Facility InformationFloods, fires, earthquakes and other emergencies often catch facilities teams off guard. With mobile and technology options available today,  this is unacceptable. Administrators and facility teams must be completely prepared. If you don’t have immediate access to your emergency plans and contact information, evacuation routes, safe refuge areas, and Fire and Life Safety (FLS) plans, along with all your other critical documents, including your as-built plans with renovations, your campus is not ready for an emergency.

Active shooter cases: In active shooter situations, police arrive at the scene, check the perimeter, and ultimately go in the building without a floor plan—blind! Emergency responders must immediately assess the situation and devise a plan. The more time they spend trying to find information, the greater the risk for civilians and response teams. Searching through file cabinets and bins in remote locations is not an option when seconds matter.

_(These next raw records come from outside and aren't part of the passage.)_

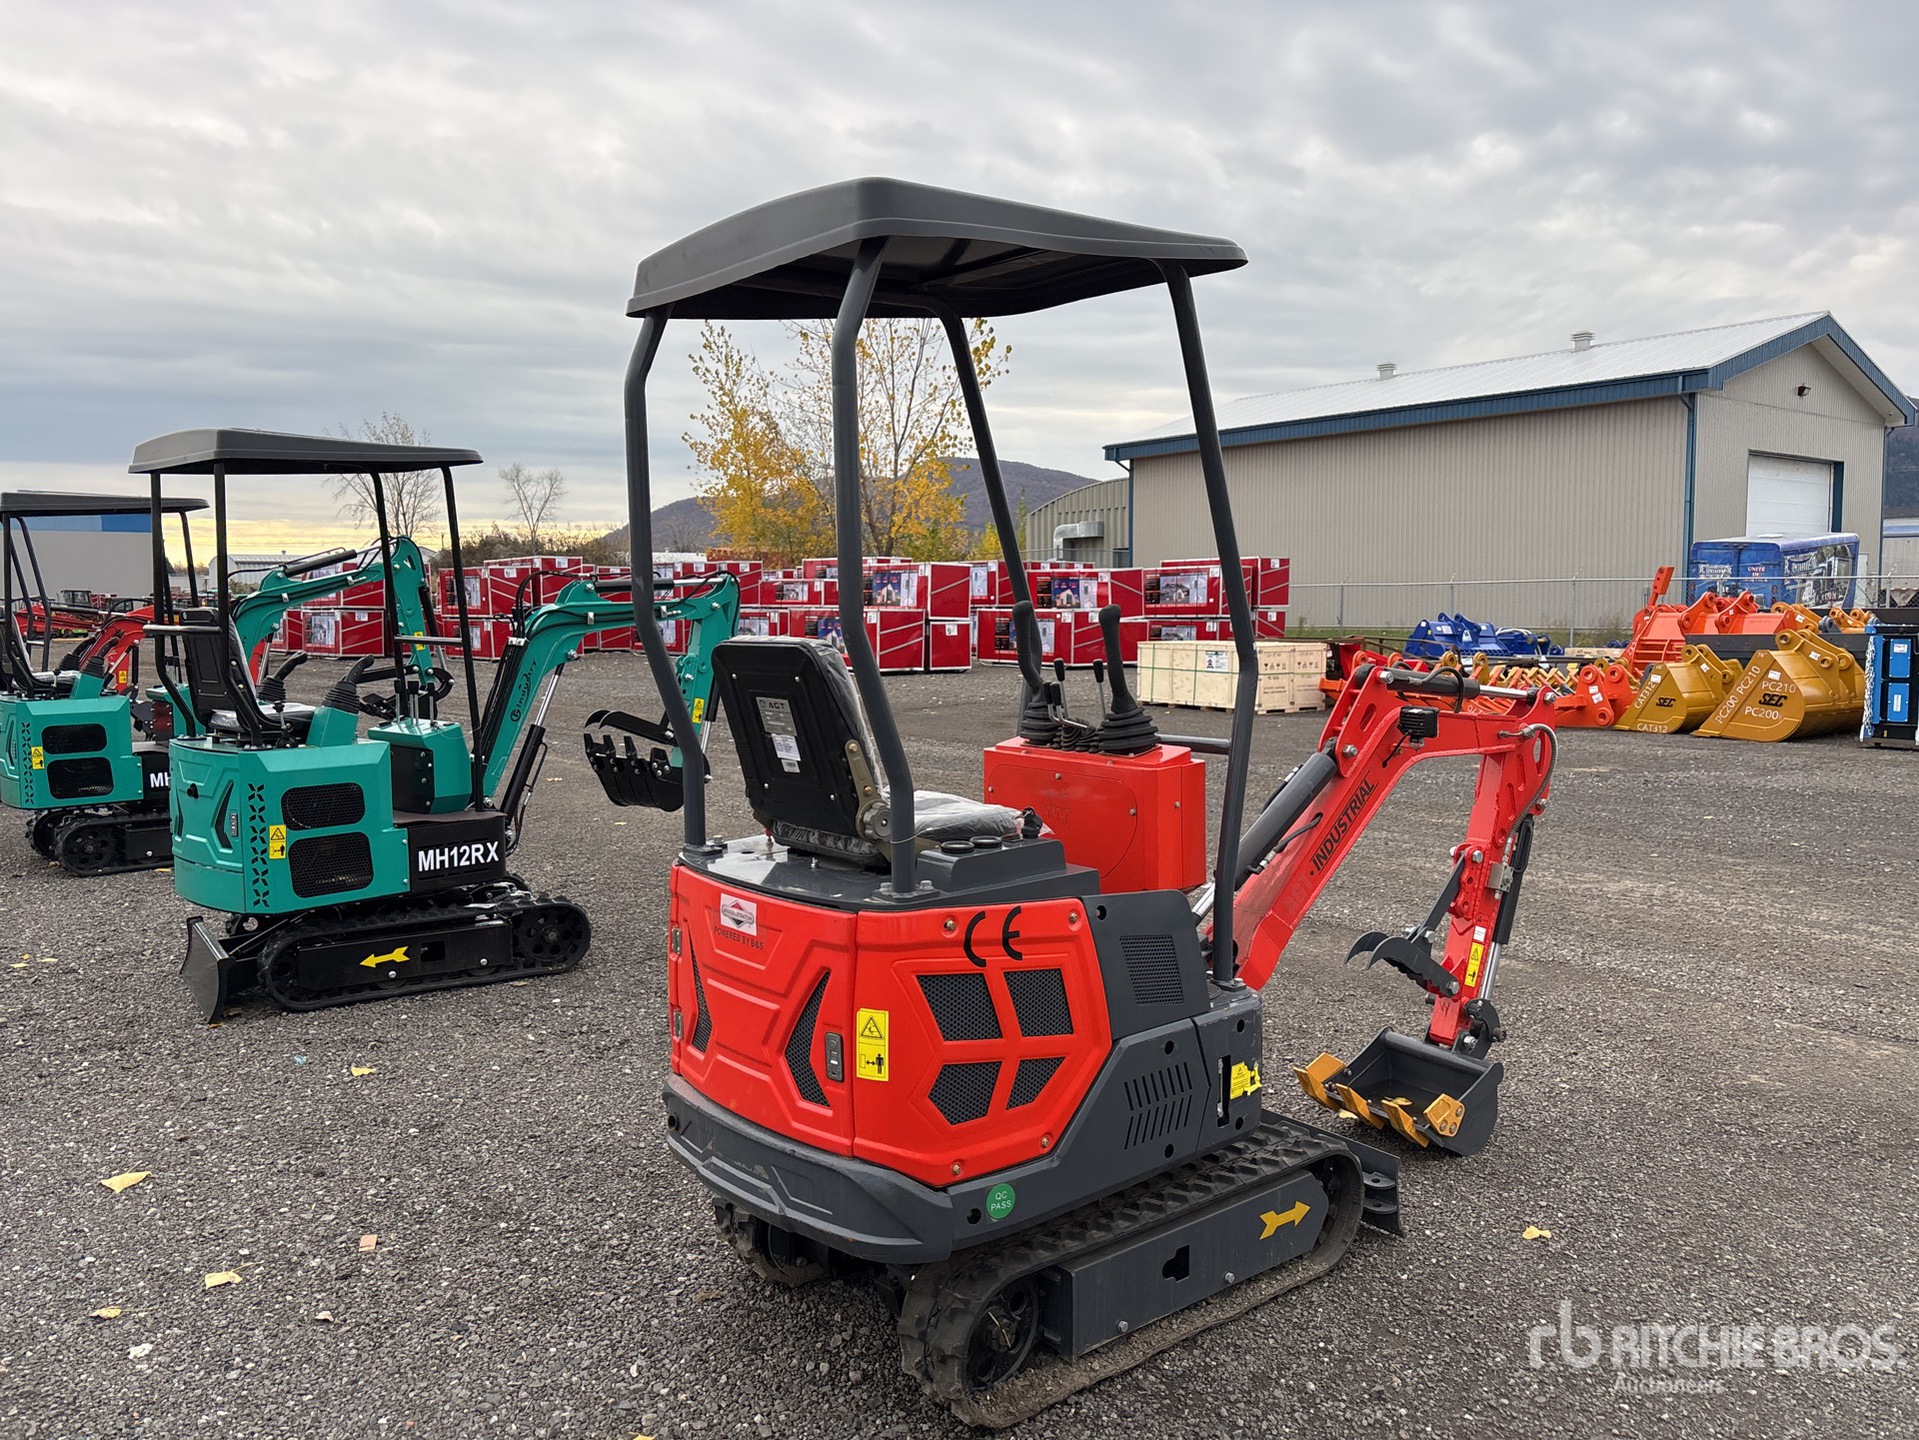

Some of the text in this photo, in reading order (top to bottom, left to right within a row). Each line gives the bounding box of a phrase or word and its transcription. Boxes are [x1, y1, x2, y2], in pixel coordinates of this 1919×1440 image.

[1736, 665, 1762, 695] PC210
[1761, 680, 1796, 694] PC210
[1656, 697, 1676, 708] SEC
[1758, 693, 1788, 707] SEC
[1744, 706, 1780, 720] PC200
[1636, 723, 1668, 733] CAT312
[1311, 779, 1375, 872] INDUSTRIAL
[418, 841, 500, 872] MH12RX
[714, 926, 741, 943] POWERED
[742, 935, 750, 946] BY
[995, 1191, 1008, 1200] QC
[991, 1199, 1012, 1211] PASS
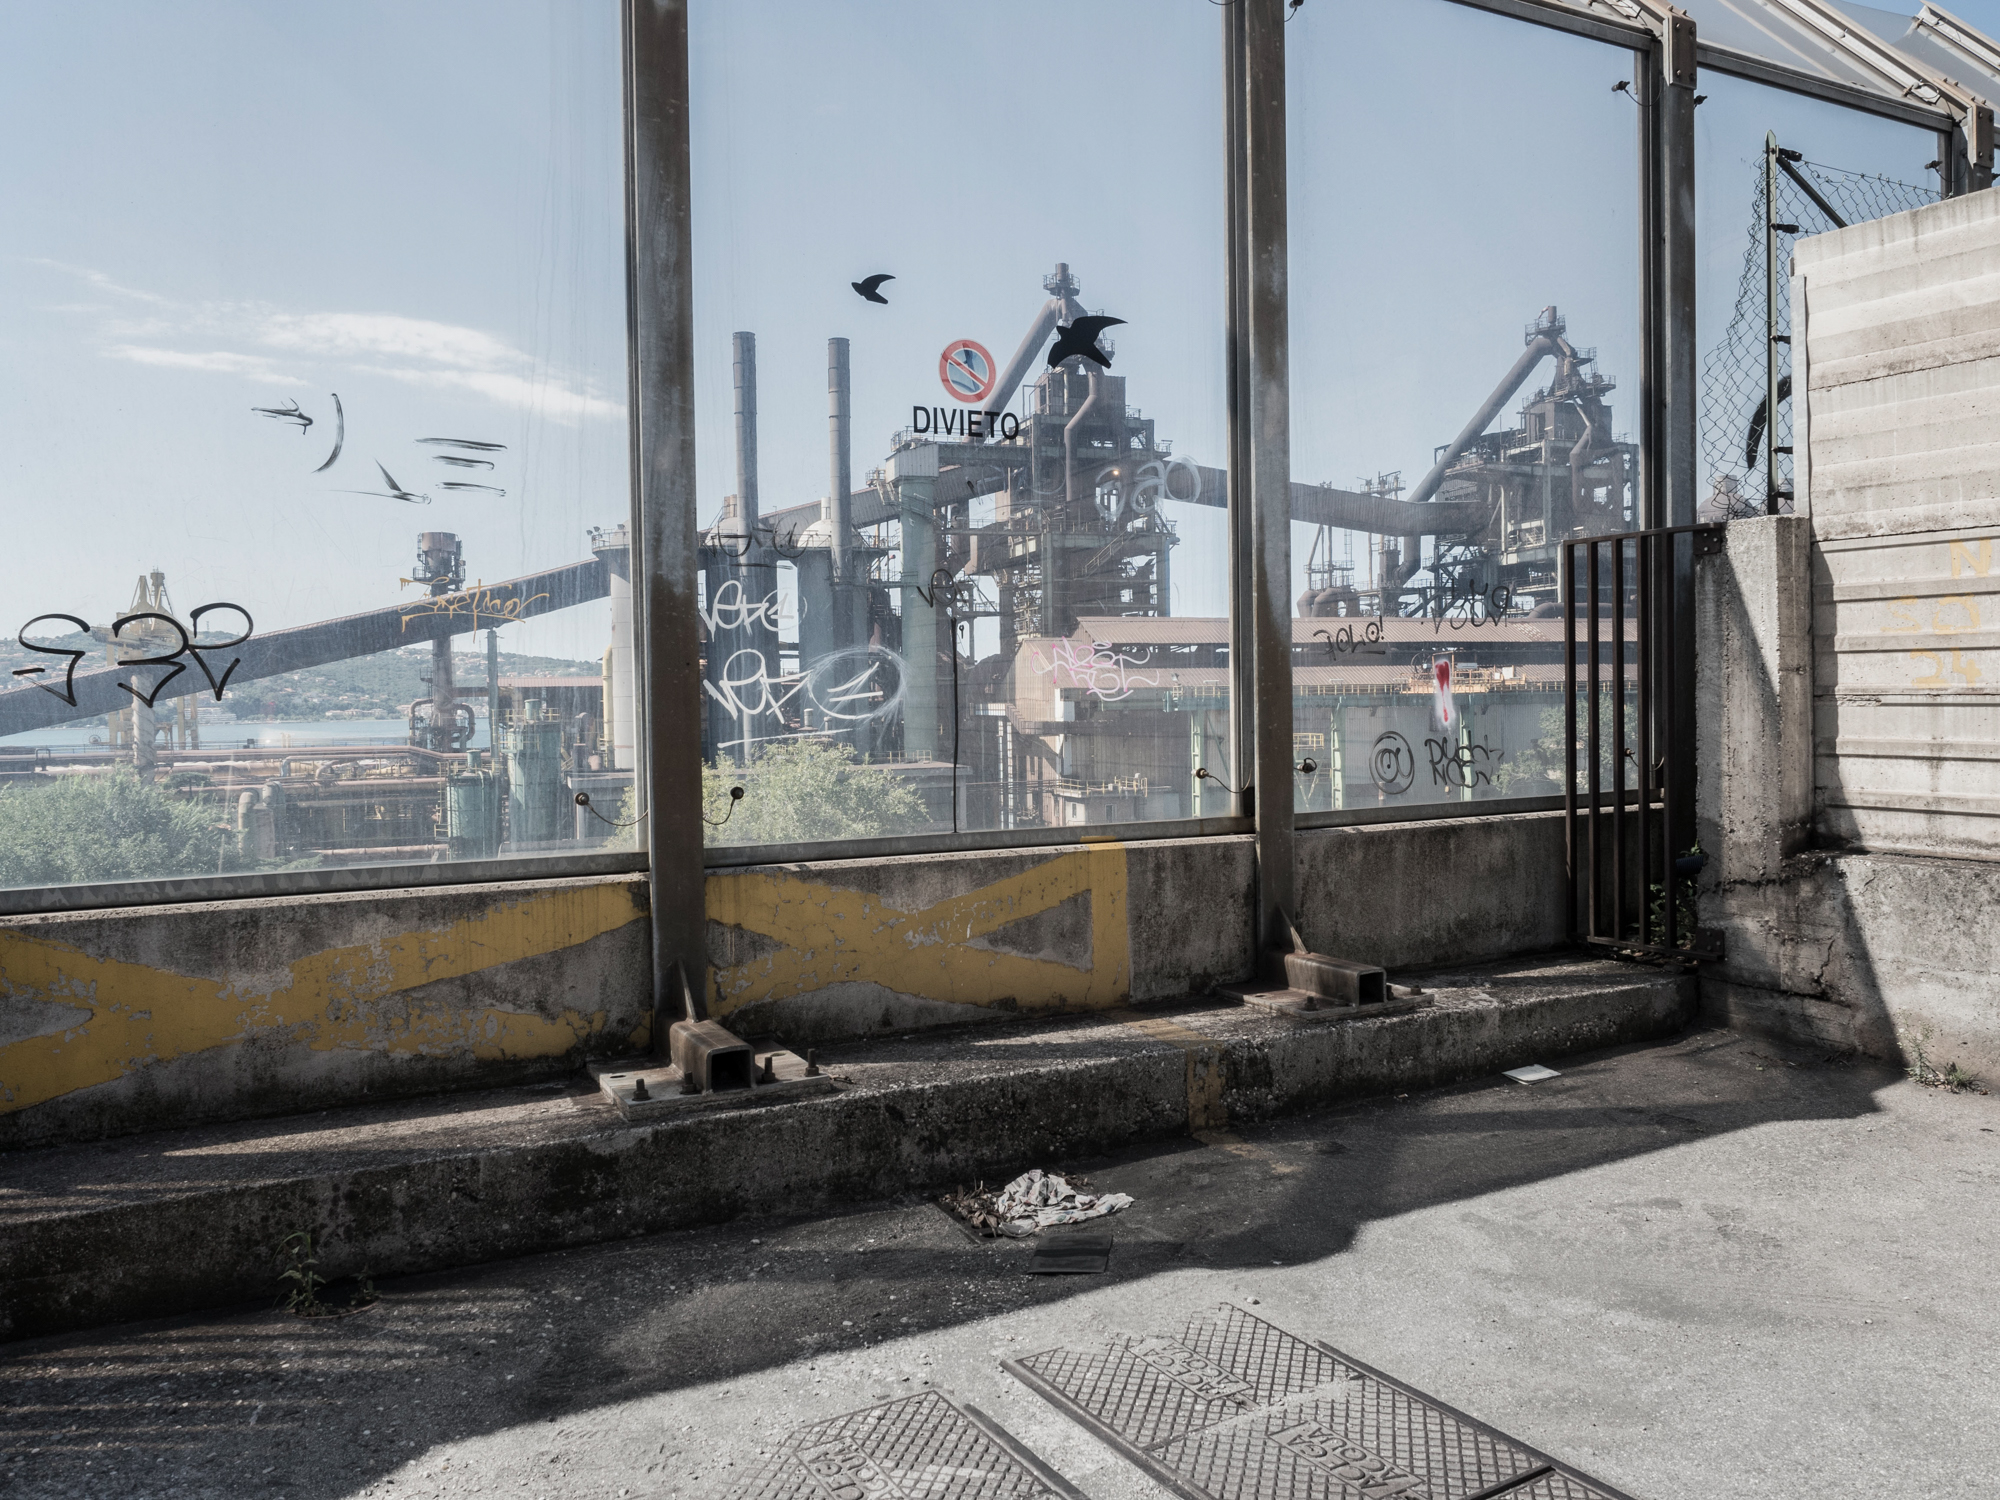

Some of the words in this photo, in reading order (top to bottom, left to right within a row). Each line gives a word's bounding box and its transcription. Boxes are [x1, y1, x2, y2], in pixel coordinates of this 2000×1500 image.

Preparing Schools and Institutions for Emergencies

  • Fire emergencies: Fires are serious threats to the safety of building occupants and first responders, and they can result in significant property and human losses. Map out fire hydrants, exit routes, and the best point of entry for all buildings. Define the best locations for firemen to place their ladders.
  • Police Emergencies. Active shooter situations evolve rapidly and require immediate deployment of law enforcement resources to stop the shooting and mitigate harm to innocent victims. Ensure floor plans and as-builts are up-to-date and easily accessible. On average, facilities managers spend 1-2 hours searching for information each day. Identify all exits, stairwells and escalators. Have access to views of what the outside of buildings look like.
  • Floods and Water. Floods can have devastating consequences.  Keep up-to-date maps or diagrams of all pipelines. Add photos of all taps and shutoff valves to the maps with instructions on how to turn water off.
  • Response Plan. The first few minutes are crucial to any emergency. However, miscommunication is common between emergency teams, building managers and facilities teams. A response plan bridges the gaps and facilitates an action plan.